§ TASK TO CARRY OUT:
All entries below must be output word for word, and the pictures left behind.
===
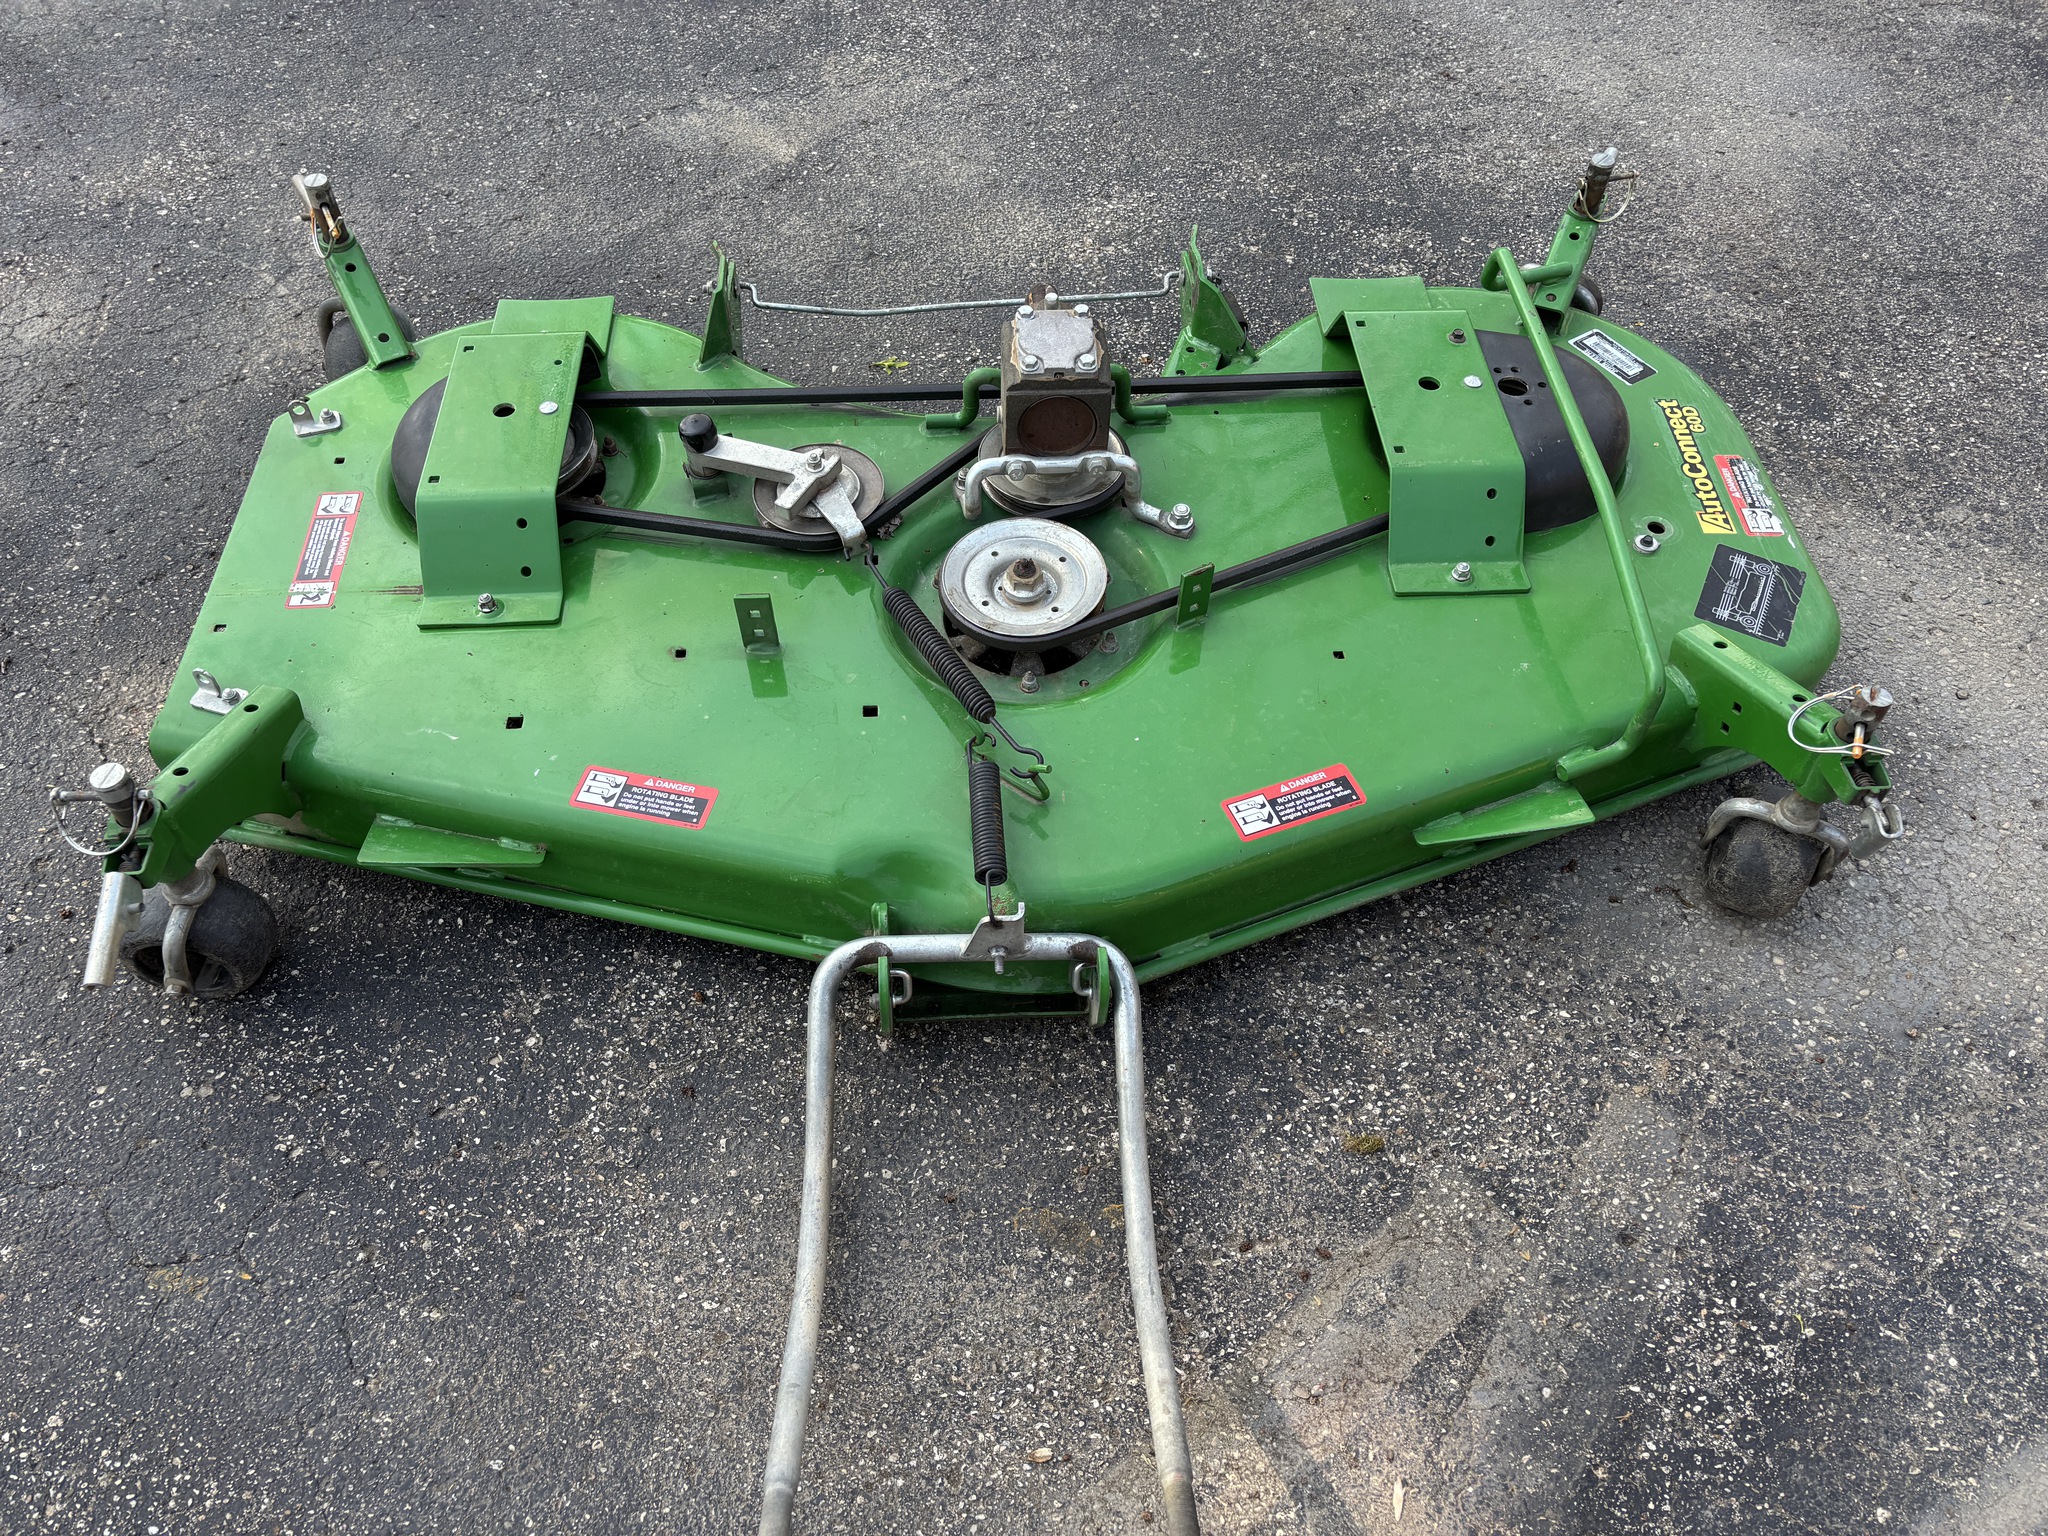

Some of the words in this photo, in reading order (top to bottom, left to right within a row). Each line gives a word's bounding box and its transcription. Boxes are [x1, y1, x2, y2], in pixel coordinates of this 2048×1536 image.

[1682, 406, 1706, 433] 60D
[1656, 398, 1734, 532] AutoConnect
[1722, 468, 1737, 491] DANGER
[335, 537, 349, 565] DANGER
[655, 780, 695, 793] DANGER
[1288, 771, 1326, 788] DANGER
[632, 787, 668, 798] ROTATING
[669, 794, 694, 803] BLADE
[1277, 788, 1312, 803] ROTATING
[1312, 780, 1336, 791] BLADE
[1278, 807, 1296, 816] under
[1315, 794, 1335, 803] mower
[1335, 788, 1351, 796] when
[1306, 792, 1324, 800] hands
[617, 802, 638, 810] engine
[646, 808, 670, 816] running
[1282, 811, 1302, 821] engine
[1308, 801, 1331, 813] running
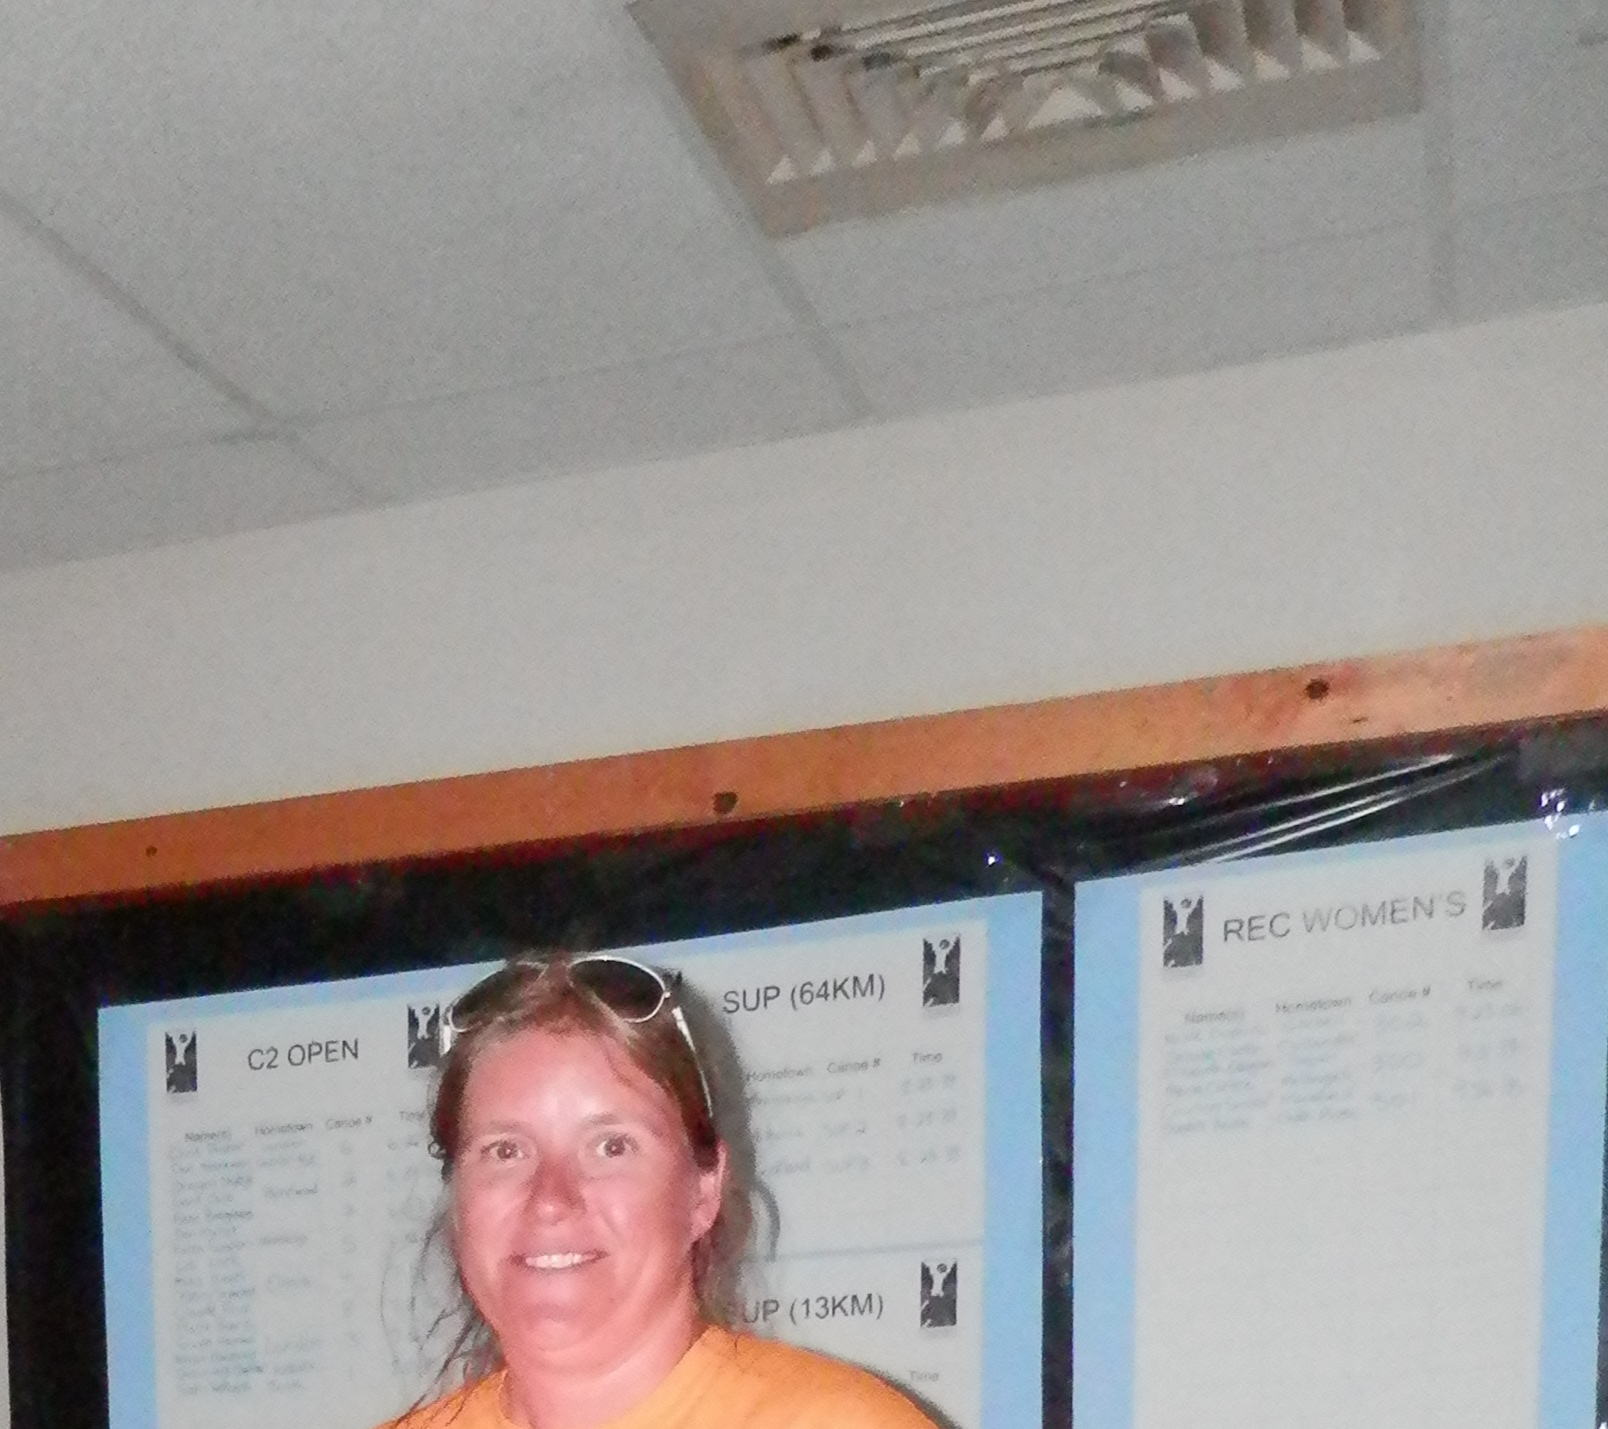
===
§ RESPONSE AREA:
Some of the words in this photo, in reading order (top to bottom, left to right within a row). Each line gives a word's bounding box and its transcription. Boxes are [x1, y1, x2, y2], in pixel coordinates of this 2048×1536 image.

[1682, 406, 1706, 433] 60D
[1656, 398, 1734, 532] AutoConnect
[1722, 468, 1737, 491] DANGER
[335, 537, 349, 565] DANGER
[655, 780, 695, 793] DANGER
[1288, 771, 1326, 788] DANGER
[632, 787, 668, 798] ROTATING
[669, 794, 694, 803] BLADE
[1277, 788, 1312, 803] ROTATING
[1312, 780, 1336, 791] BLADE
[1278, 807, 1296, 816] under
[1315, 794, 1335, 803] mower
[1335, 788, 1351, 796] when
[1306, 792, 1324, 800] hands
[617, 802, 638, 810] engine
[646, 808, 670, 816] running
[1282, 811, 1302, 821] engine
[1308, 801, 1331, 813] running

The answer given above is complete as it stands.